Need some support after h's raging

iVillage Member
Registered: 09-19-2003
Need some support after h's raging
3
Tue, 05-25-2004 - 8:35am
This morning I can barely type the words because my hands won't stop shaking. My h went into one of his rages last night that lasted for hours. And he just went off on me on the telephone. It doesn't matter to him if I beg him to stop or the impact his rages have on me.

I feel like I am facing death each day. I feel so worthless even though my head knows that is not true. I just don't understand how someone can attack you and then get up and go to work like normal. Sometimes when I hear his voice, I just drop to the floor and curl into a ball. Without thinking, my body just seems to do it.
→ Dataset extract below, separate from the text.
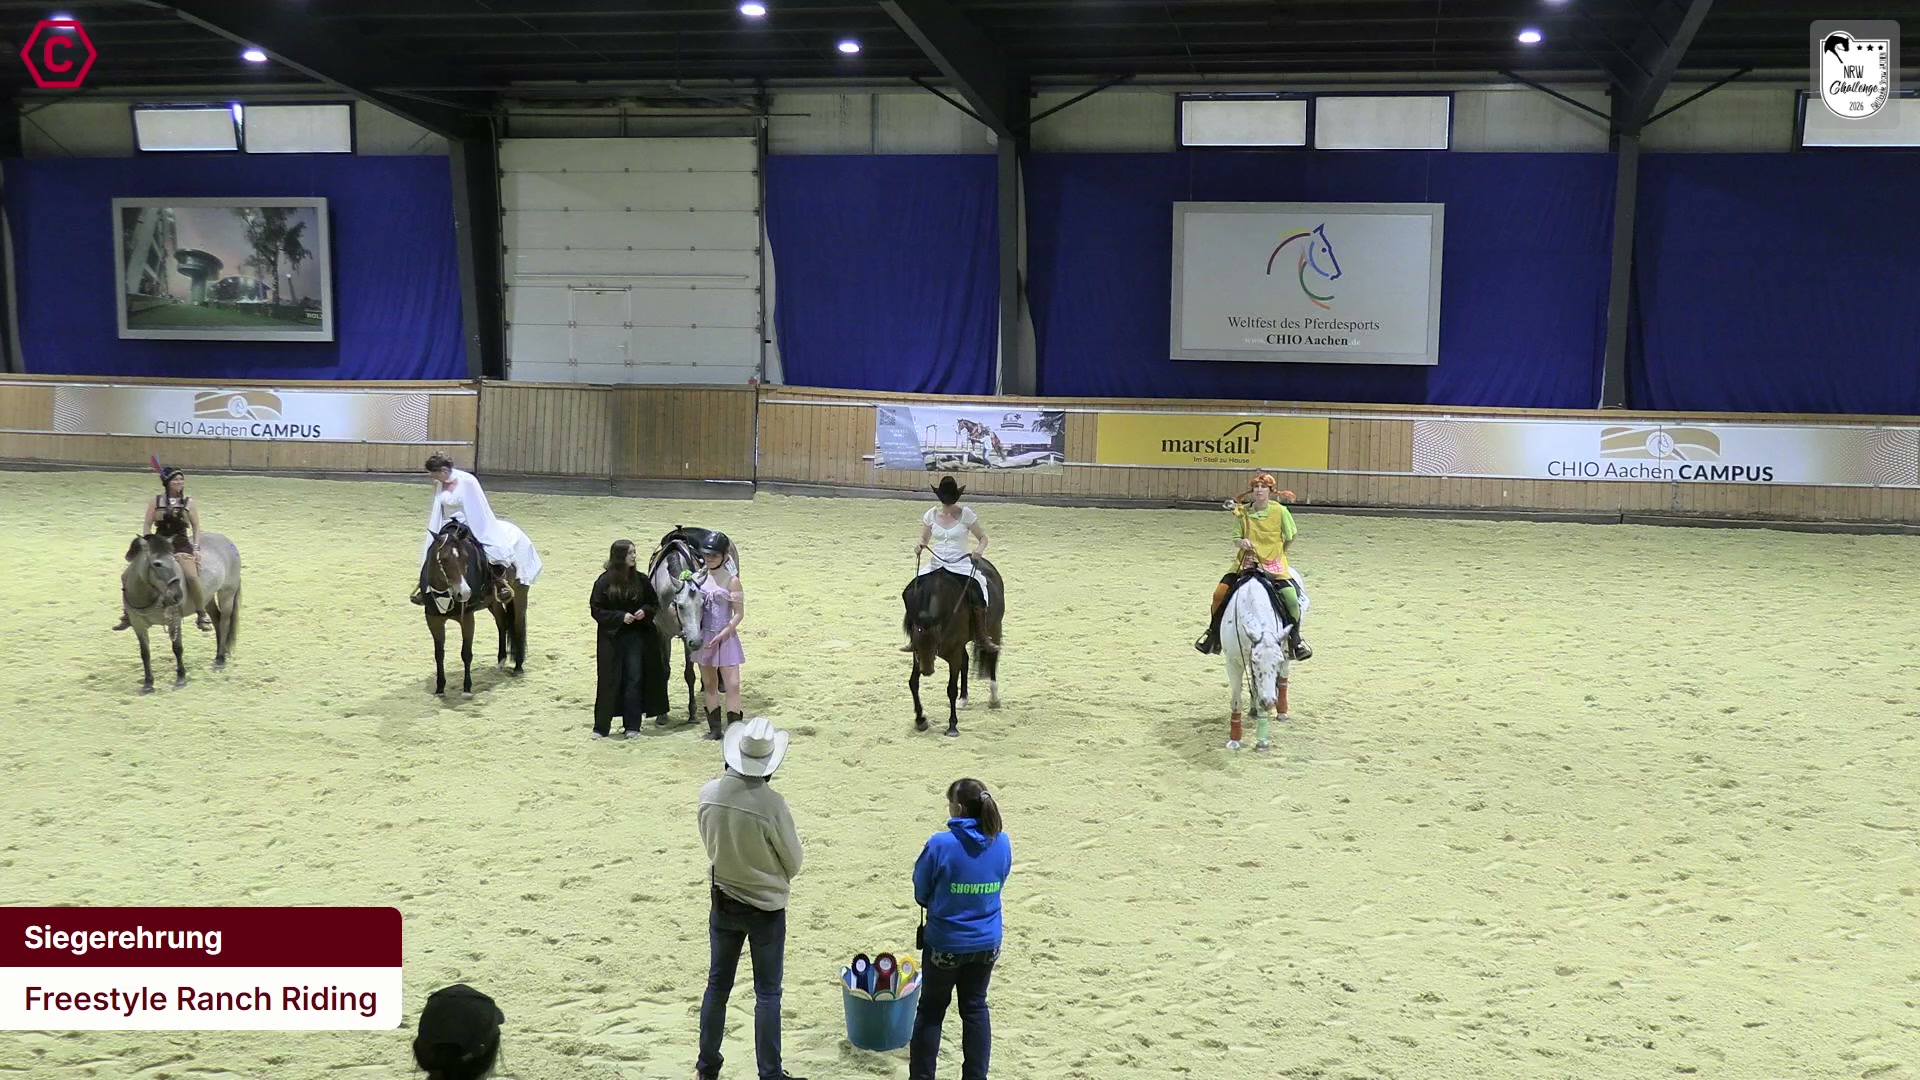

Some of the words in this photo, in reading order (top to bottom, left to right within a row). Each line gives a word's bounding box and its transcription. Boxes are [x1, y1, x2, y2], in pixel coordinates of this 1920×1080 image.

At work, if someone unexpectedly walks into my office, I jump or have to fight back the tears because I am so scared of what is coming.

I just can't deal anynmore.

iVillage Member
Registered: 11-12-2003
Tue, 05-25-2004 - 4:02pm

Hi Booboo, sweetie, welcome back -


You need to get out of there.

CL-Blueliner4

iVillage Member
Registered: 11-11-2003
Tue, 05-25-2004 - 5:49pm

I'm so sorry for what you are going through, booboo66.

Peace and hugs,

Cheryl =)

The minute you settle for less than you

iVillage Member
Registered: 09-19-2003
Wed, 05-26-2004 - 8:12am
Thanks for responses. I really just needed to vent. I am trying to make a plan to change my life situation. I want to live free of fear. And I need to take action to make that happen. It just seems like such an uphill battle.

It's so nice to come to this board where people get it. I am at working - looking up info on available counselors for DV. My insurance will cover it. It will be my weekly link to sanity.